IMPORTANT RULES TO REMEMBER REGARDING YOUR PRINCIPAL RESIDENCE EXEMPTION:

Alicia Schaub

To give you some background information…

Michigan law creates a cap on the amount real property taxes may increase for residential property that is the principal residence (formerly known as homestead) of a taxpayer. The main rule is that a property owner may only hold the exemption on his or her primary residence.

To claim a principal residence exemption a property owner must file an affidavit with the assessor for the city or township where the property is located. For more information on claiming a principal residence exemption visit www.michigan.gov/pre.

Here, I wanted to specifically discuss the importance of rescinding the principal residence exemption.

A property owner is required to rescind a principal residence exemption when you ­no longer own or occupy the property as your principal residence. The exemption is then removed by December 31st of the year you rescind the exemption.

The forms to claim a principal residence exemption and rescind principal residence are located within the link above.

A claim of principal residence exemption must be rescinded by filing a rescission form no later than 90 days after the property ceases to be used as a principal residence unless the owner is eligible for a conditional rescission. A property owner can claim a conditional rescission for three years on property previously claimed as exempt as the principal residence if that property is not occupied, is for sale, is not leased or available for lease, and is not used for any business or commercial purpose.

An owner who is required to rescind a principal residence exemption but fails to do so is subject to a penalty of $5 per day for each separate failure beginning after the 90 days has elapsed, up to a maximum of $200. MCL 211.7cc(5).

The topic of rescinding a principal residence comes up quite often in two scenarios – divorce and nursing homes.

When a divorce occurs, as long as one of the owners still occupies the home as their principal residence, and the original affidavit was file jointly, the property will still qualify. The owner who no longer owns the property should file a rescission form using their information.

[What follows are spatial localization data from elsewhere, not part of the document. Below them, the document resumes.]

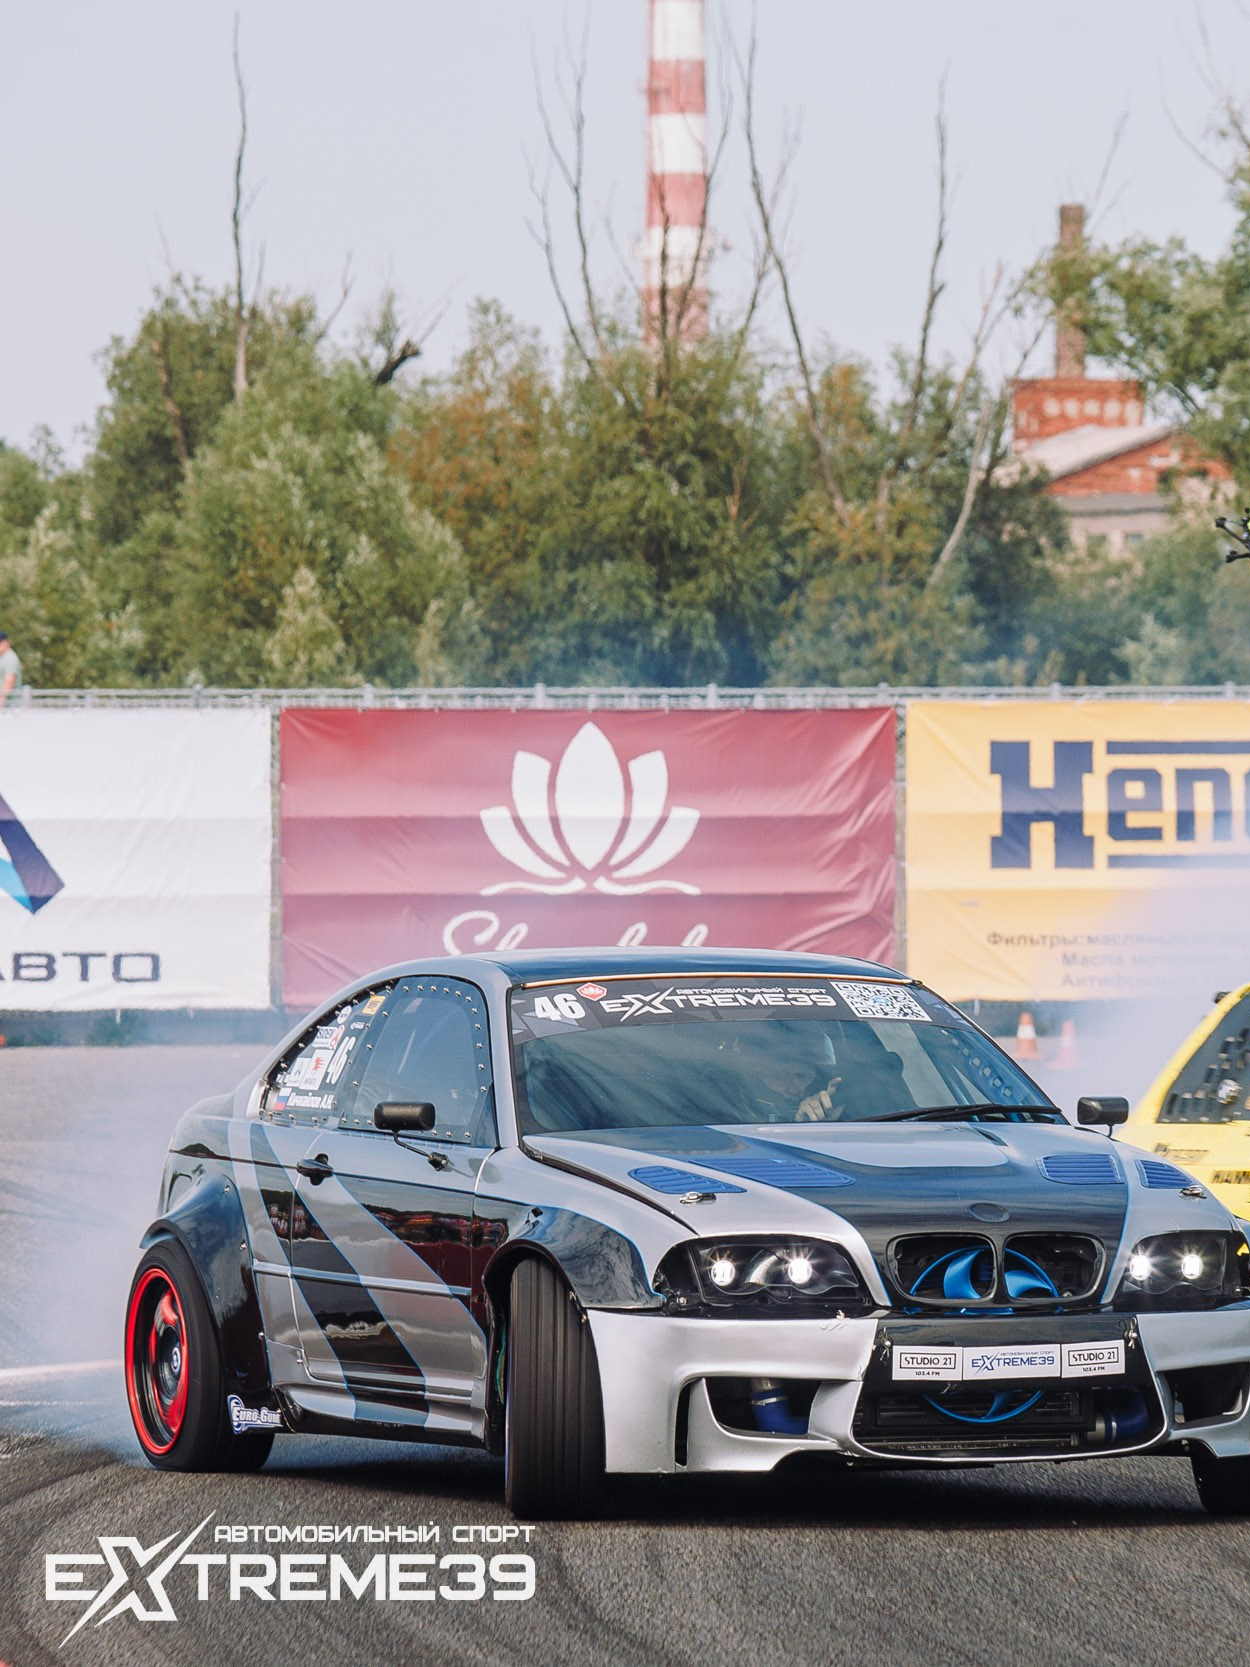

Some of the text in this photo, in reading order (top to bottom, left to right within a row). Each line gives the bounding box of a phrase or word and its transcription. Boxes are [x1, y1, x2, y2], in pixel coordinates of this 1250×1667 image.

[0, 952, 160, 982] ВТО
[675, 986, 827, 995] АВТОМОБИЛЬНЫЙ СПОРТ
[533, 993, 587, 1021] 46
[599, 986, 837, 1022] EXTREME39
[325, 1036, 356, 1085] 46
[904, 1357, 952, 1365] STUDIO 21
[971, 1351, 1055, 1375] EXTREME39
[1072, 1351, 1115, 1362] STUDIO 21

For a person who previously occupied a principal residence but now resides in a nursing home, assisting living facility, or, if residing somewhere solely for the purpose of recovering from an illness or medical treatment, that person may retain the principal residence exemption if they “manifest an intent to return to the property.” The following must also apply:

  1. The owner continues to own the property while residence in the nursing home, assisted living facility, or other location;
  2. The owner has not established a new principal residence;
  3. The owner maintains or provides for the maintenance of the property while residing in the nursing home, assisted living facility, or other location; and
  4. The property is not leased and is not used for any business or commercial purposes.

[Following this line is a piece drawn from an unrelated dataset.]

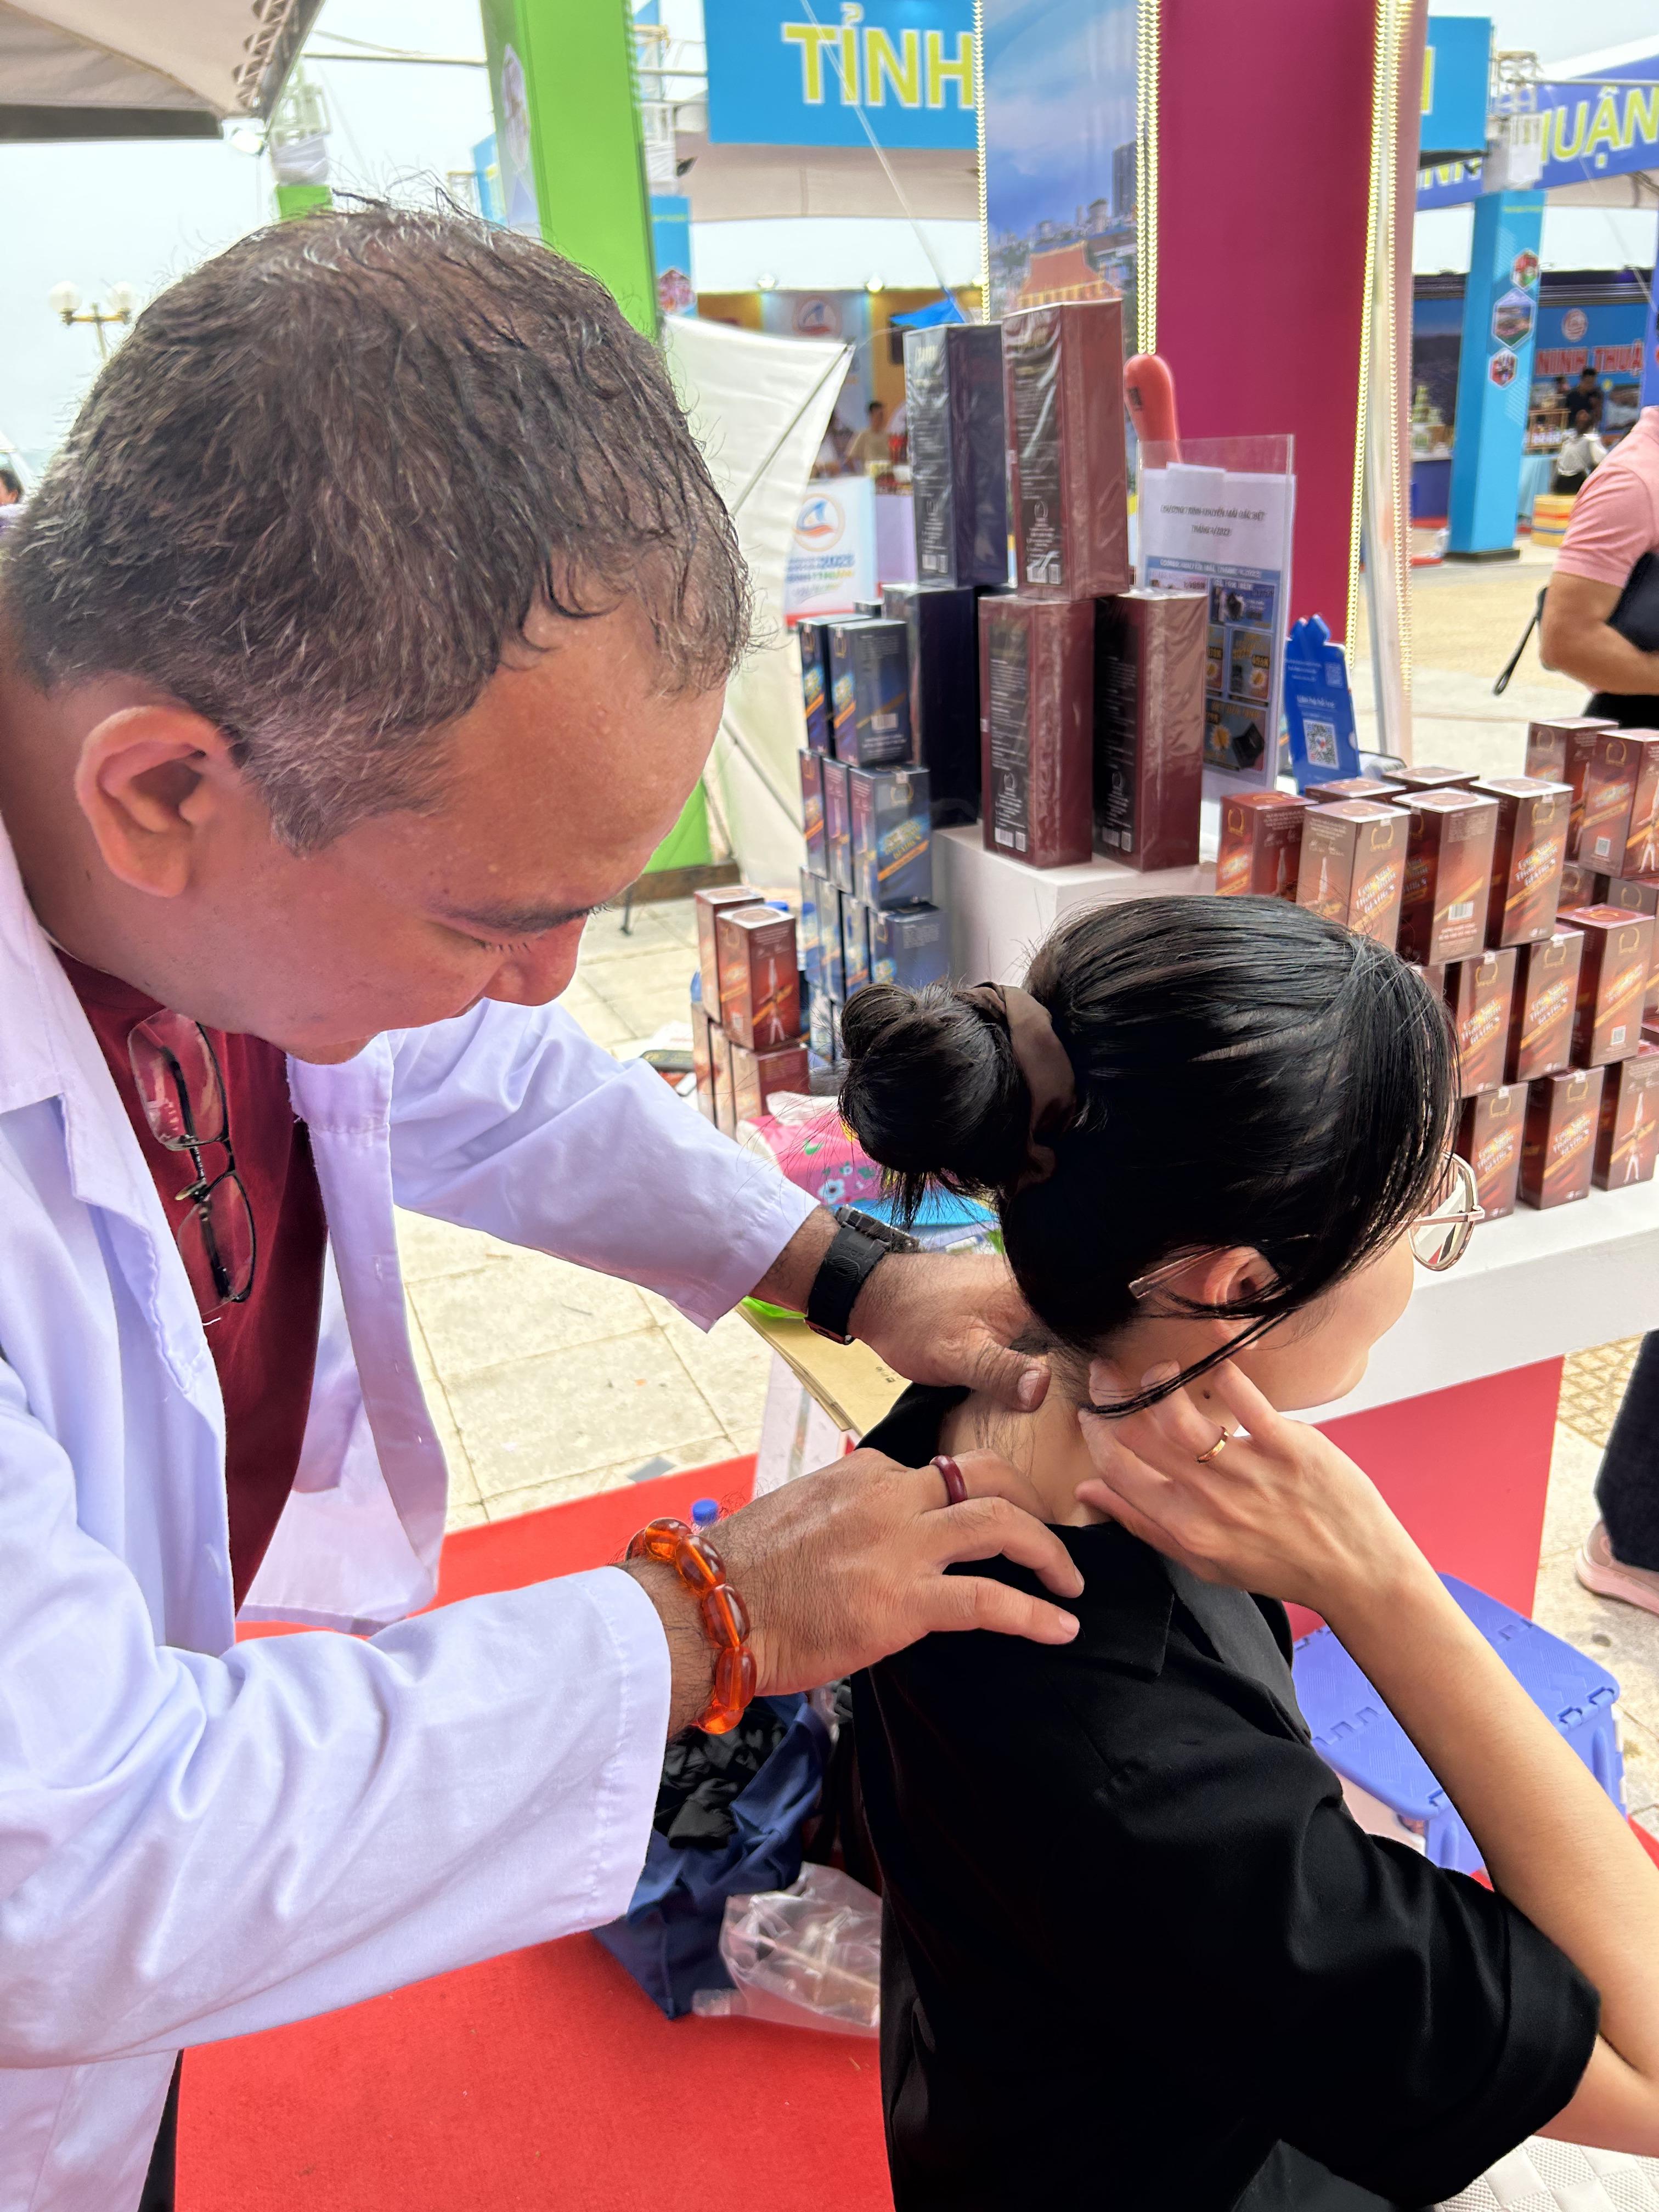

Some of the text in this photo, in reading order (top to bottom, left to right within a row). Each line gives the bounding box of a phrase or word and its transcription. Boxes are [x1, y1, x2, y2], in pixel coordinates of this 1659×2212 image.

(Note – active duty members of the military can retain their principal residence exemptions under the same conditions)

Bottom line, it is important not to forget about these guidelines regarding your principal residence, because you can not only save money, but avoid hassle down the road.

By: Alicia Schaub

Alicia Schaub is Access Title Agency’s on-staff attorney for the Traverse City and Suttons Bay, Michigan offices. She graduated cum laude from Western Michigan University Cooley Law School and is licensed to practice law in the State of Michigan. Contact info: aschaub@accesstitleagency.com or (231) 539-1203.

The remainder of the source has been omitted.